> EXERCISE DETAILS:
With pictures omitted, output the records below exactly as they appear.

(Collected data)
**********
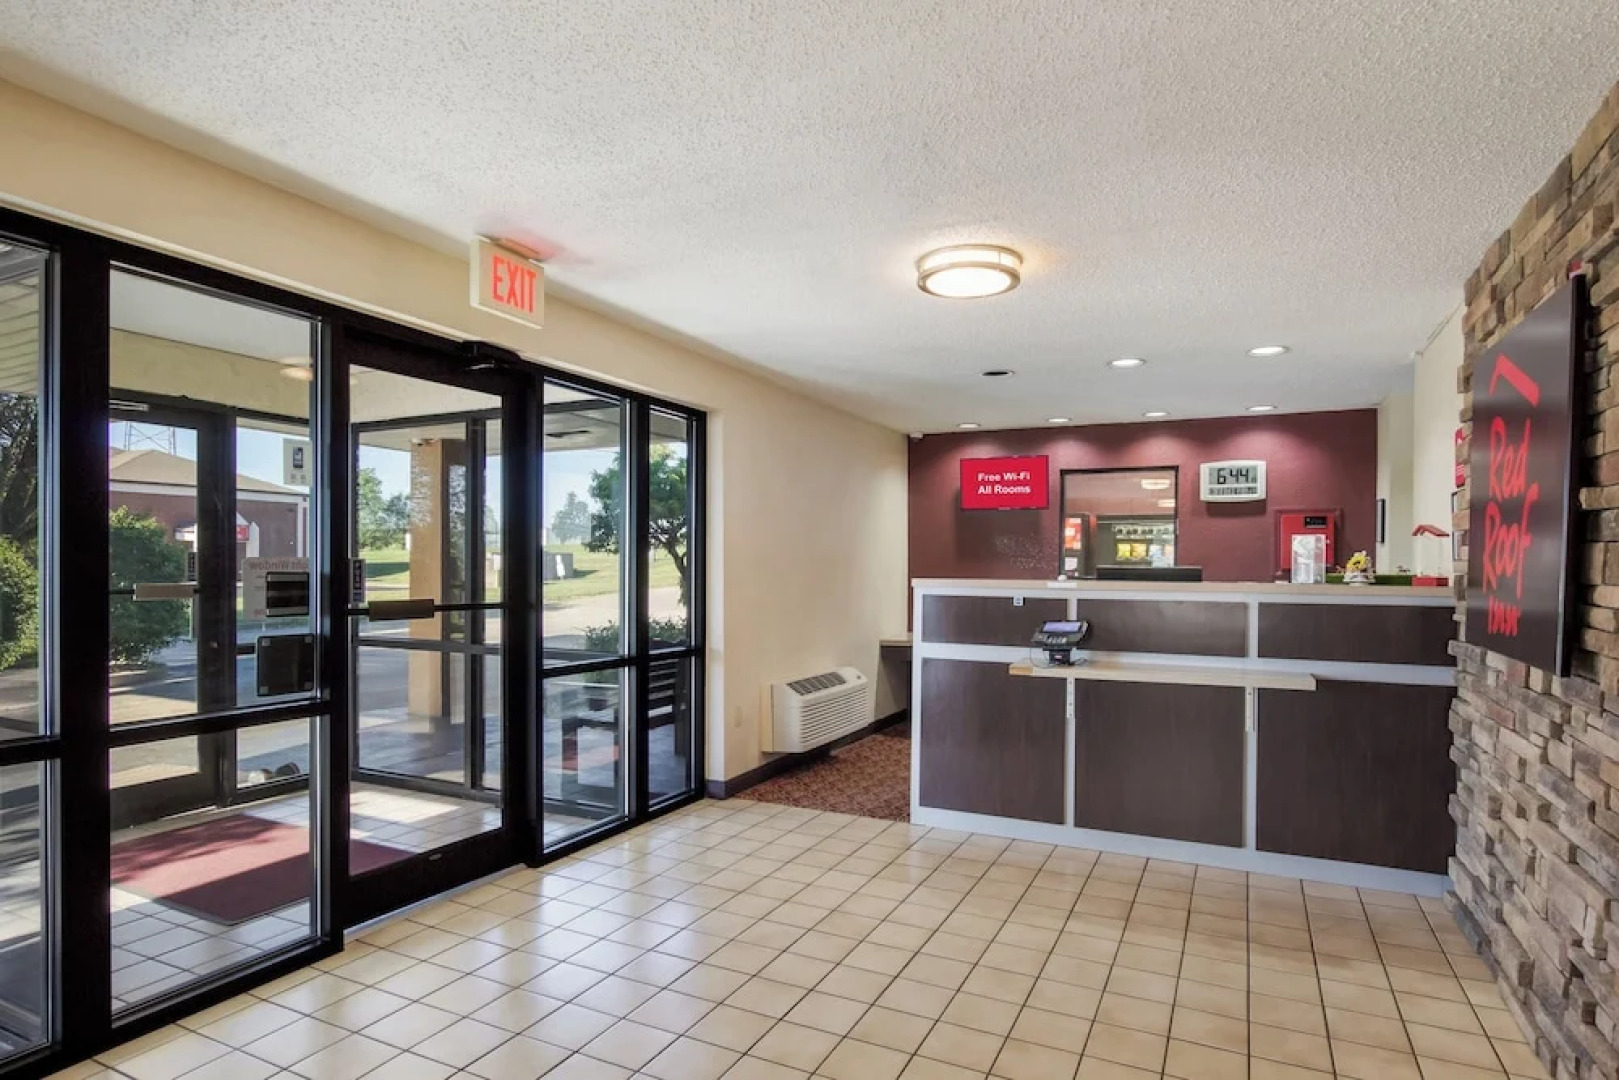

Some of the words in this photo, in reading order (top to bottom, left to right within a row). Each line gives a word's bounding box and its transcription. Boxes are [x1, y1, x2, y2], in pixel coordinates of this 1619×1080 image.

[492, 255, 537, 314] EXIT
[977, 472, 1001, 482] Free
[1003, 471, 1031, 481] Wi-Fi
[1488, 415, 1531, 503] Red
[977, 485, 993, 495] All
[994, 484, 1032, 495] Rooms
[1482, 482, 1540, 599] Roof
**********
> ANSWER BOX:
Some of the words in this photo, in reading order (top to bottom, left to right within a row). Each line gives a word's bounding box and its transcription. Boxes are [x1, y1, x2, y2], in pixel coordinates of this 1619×1080 image.

[492, 255, 537, 314] EXIT
[977, 472, 1001, 482] Free
[1003, 471, 1031, 481] Wi-Fi
[1488, 415, 1531, 503] Red
[977, 485, 993, 495] All
[994, 484, 1032, 495] Rooms
[1482, 482, 1540, 599] Roof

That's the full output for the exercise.